The same principle ought to be true of any legitimate Christian ministry. If you do not state clearly what your beliefs are and make those obligatory throughout the institution, then you can basically just watch your institution collapse to the left. It has happened over and over and over, it’s happening right now. Without that kind of confessional or convictional accountability, then a Christian organization begins to stand for basically any definition of Christianity, which eventually means no definition of Christianity.

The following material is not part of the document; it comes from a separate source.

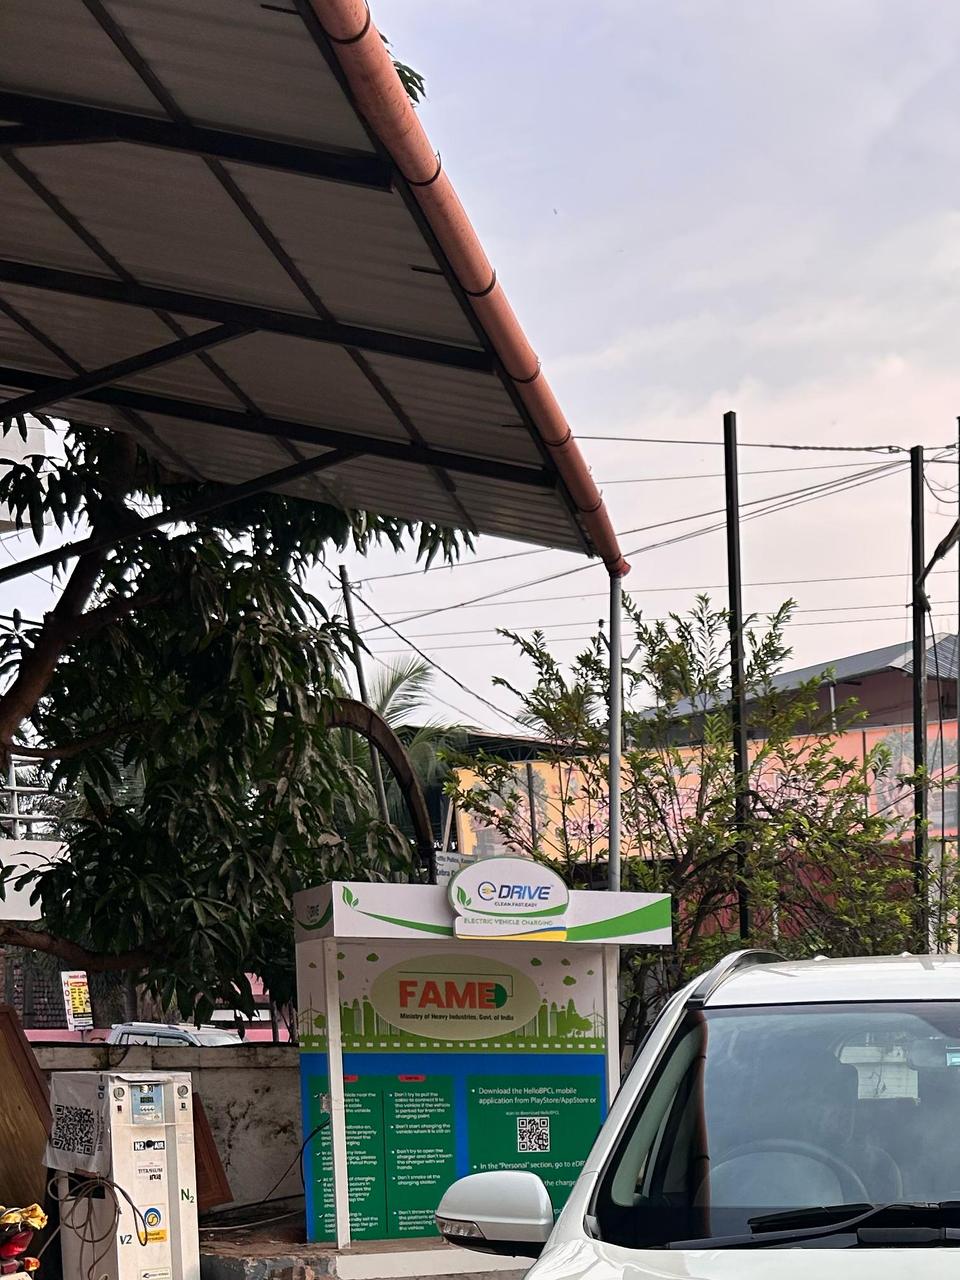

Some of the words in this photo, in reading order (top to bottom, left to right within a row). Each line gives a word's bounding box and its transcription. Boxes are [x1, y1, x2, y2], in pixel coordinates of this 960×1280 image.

[399, 980, 497, 1009] FAME
[530, 1096, 589, 1104] PlayStore/AppStore
[530, 1161, 553, 1169] section,
[120, 1234, 132, 1245] V2

Just looking denomination by denomination, it’s hard to find a better parable, that is to say a more apt parable for that than the Episcopal Church in the United States. Listen to this paragraph coming from the Episcopal Bishop in the Diocese of New York. He said that the attitude of Samaritan’s Purse was a key reason the plan to set up a field hospital inside the Cathedral of St. John the Divine had been shelved last month.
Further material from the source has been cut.